Poster
in
Workshop: Workshop on Behavioral Machine Learning
Comparing Human and LLM Ratings of Music-Recommendation Quality with User Context
Sherol Chen · Yuri Vasilevski · Andrew Lampinen · Amnah Ahmad · Ndaba Ndebele · Sally Goldman · Michael Mozer · Jie Ren
When developing new recommendation algorithms, it is common to run user studies in order to obtain initial evaluation metrics. We explore using Large Language Models (LLMs) as a proxy for human ratings (an AutoRater) for this setting. In particular, we explore how effectively an LLM with basic Chain-of-Thought (CoT) prompting can predict human ratings, and also leverage knowledge of a user's music likes and dislikes. We ran a study in which paid users provided queries and then rated the resulting playlist. These users also provide their music likes and dislikes. We compare the ratings between the AutoRater system to a human rater baseline---a group of participants who were asked to perform the same task of rating the playlist recommendations, either with or without user context.We found the AutoRater to be as effective if not more so than human raters, and that providing user context leads to higher correlations for both.

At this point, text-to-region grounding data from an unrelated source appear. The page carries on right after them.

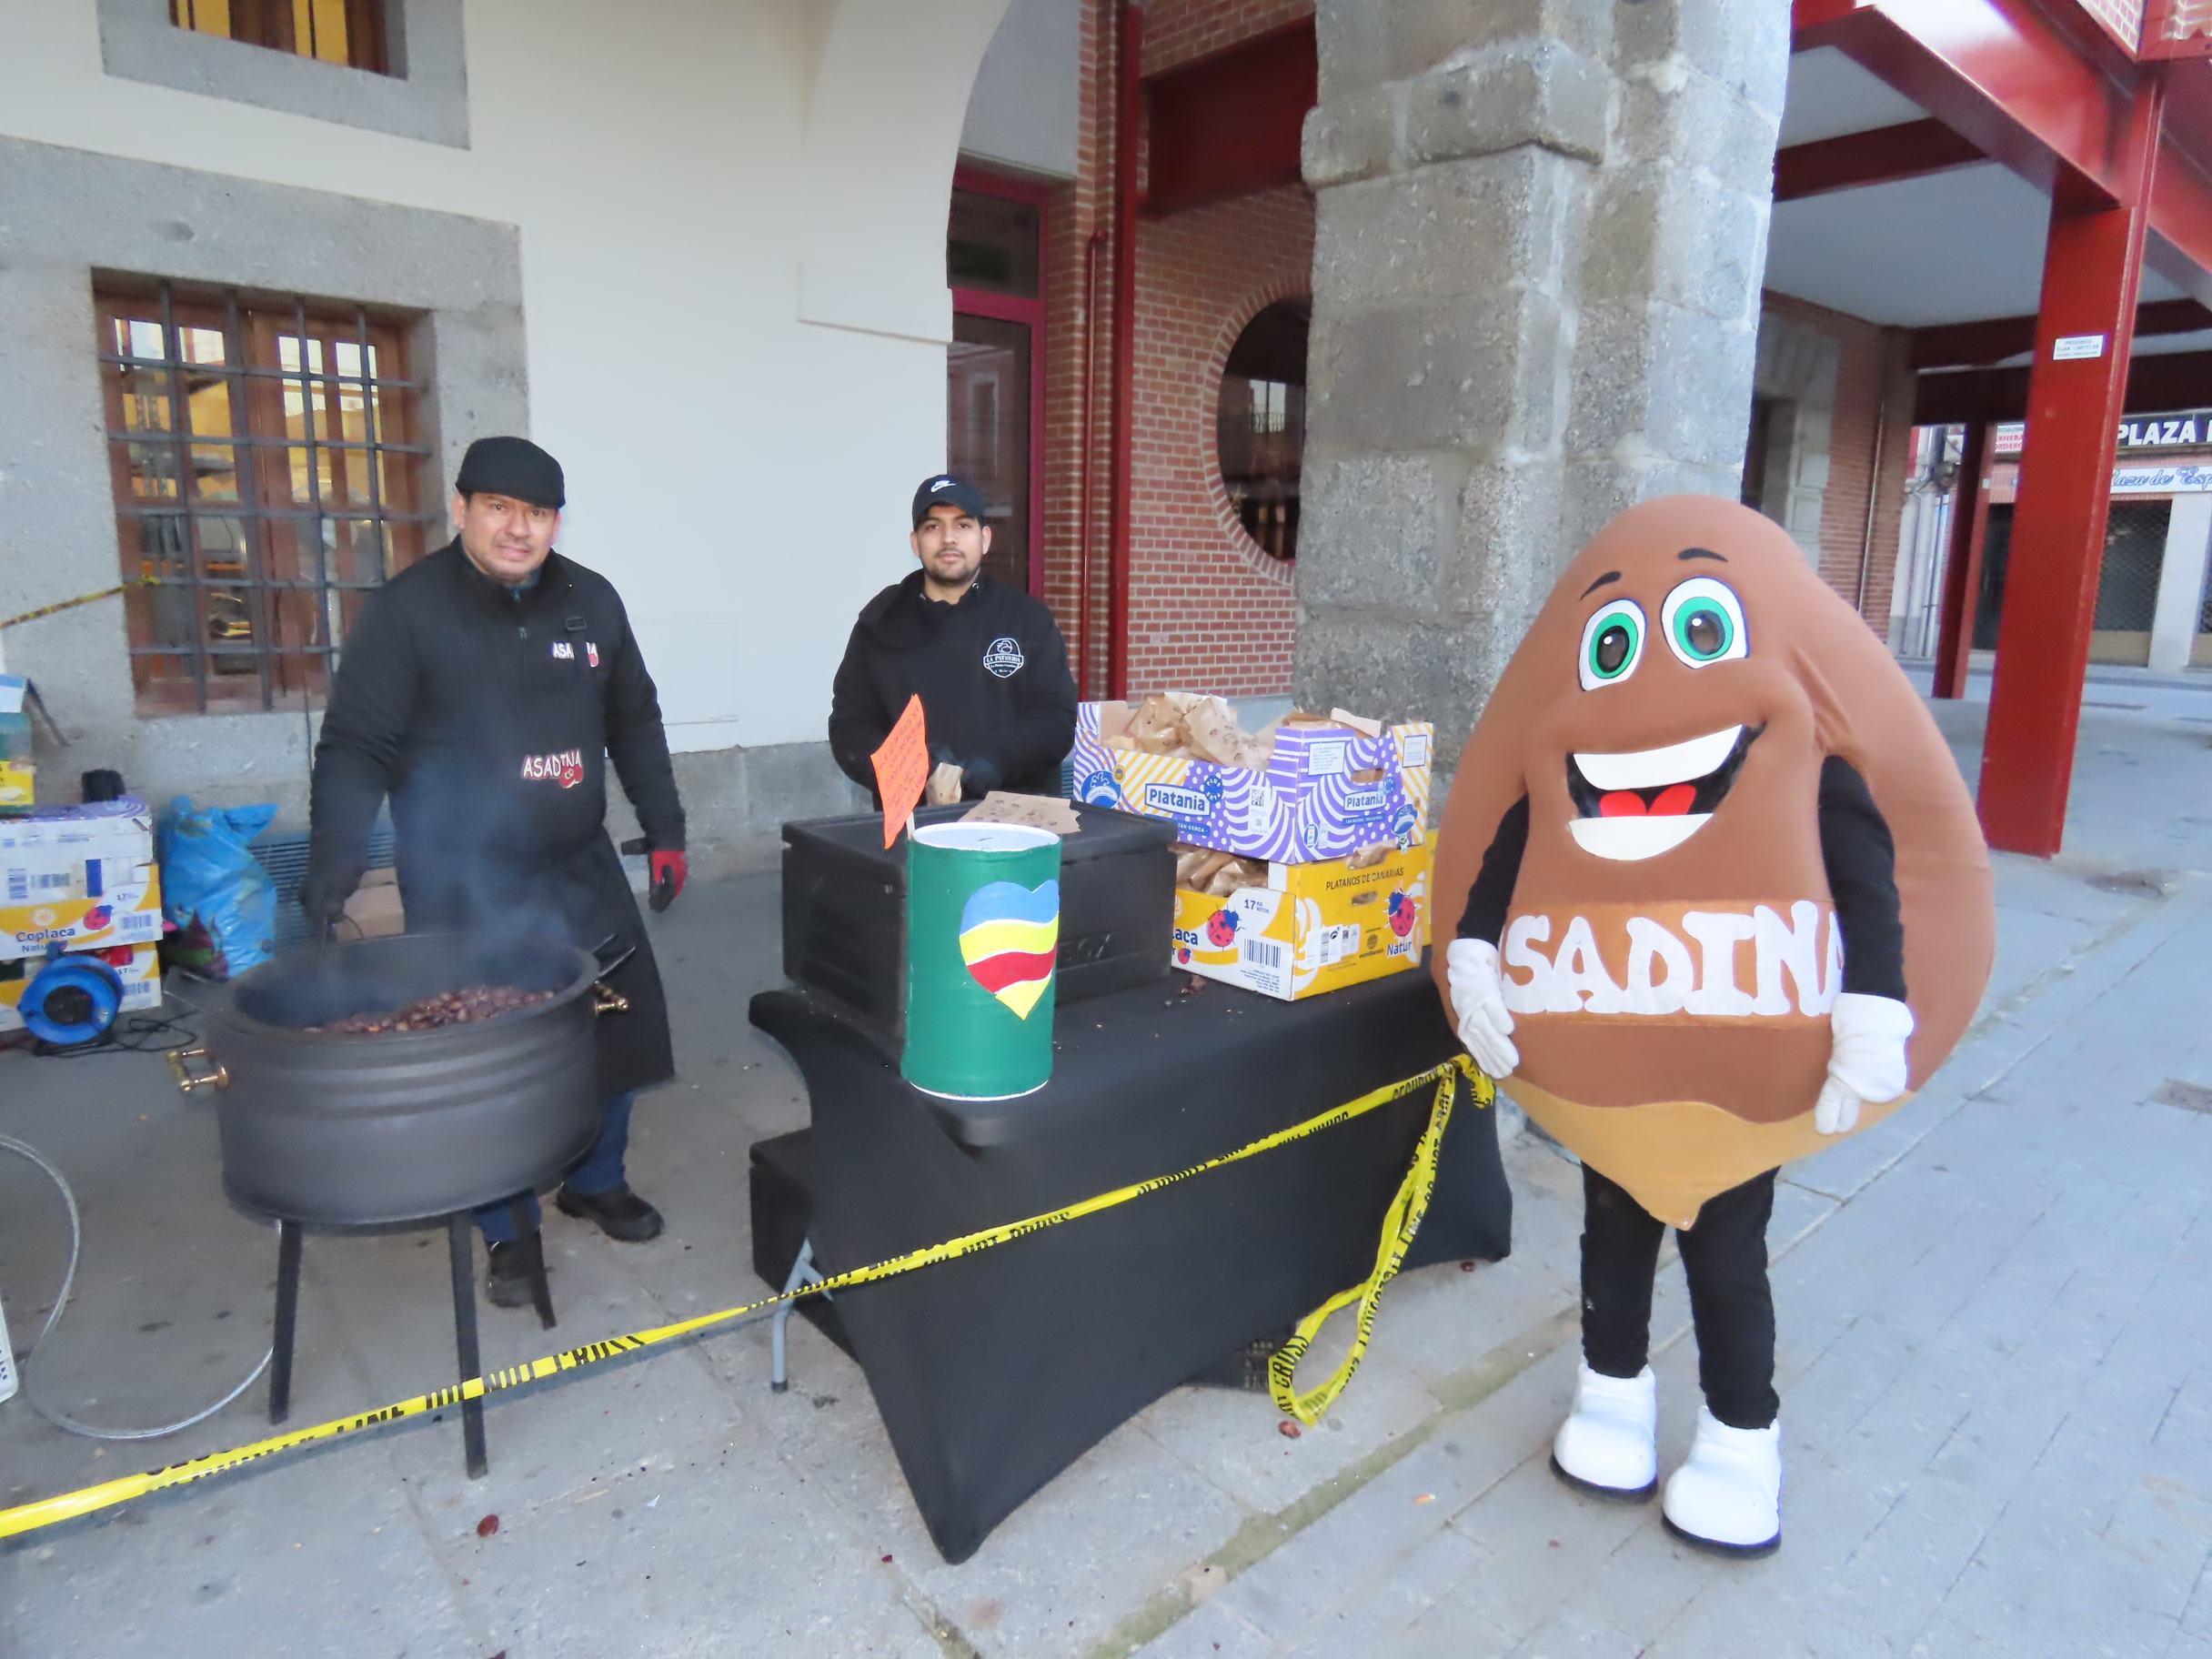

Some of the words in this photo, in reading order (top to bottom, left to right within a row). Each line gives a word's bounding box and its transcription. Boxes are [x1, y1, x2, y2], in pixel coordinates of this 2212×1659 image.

[2117, 419, 2197, 446] PLAZA
[1149, 788, 1205, 811] Platania
[1325, 876, 1361, 891] PLATANOS
[1362, 874, 1370, 884] DE
[1243, 899, 1256, 910] 17
[15, 928, 75, 943] Coplaca
[1171, 928, 1199, 946] aca
[1386, 940, 1413, 956] Natur

Also the correlations reliably increase with the size of the rater pool. These results were statistically reliable. Although numerically higher correlations are obtained with 8 songs than with 4 songs, the difference is not statistically reliable. Interestingly, interaction between the rater type crossed with the number songs is statistically reliable reflecting that human raters perform as well or better than the AutoRaters for 4 song playlists, whereas the pattern is flipped for 8 song playlists where AutoRaters can use broad knowledge of music to make more nuanced ratings.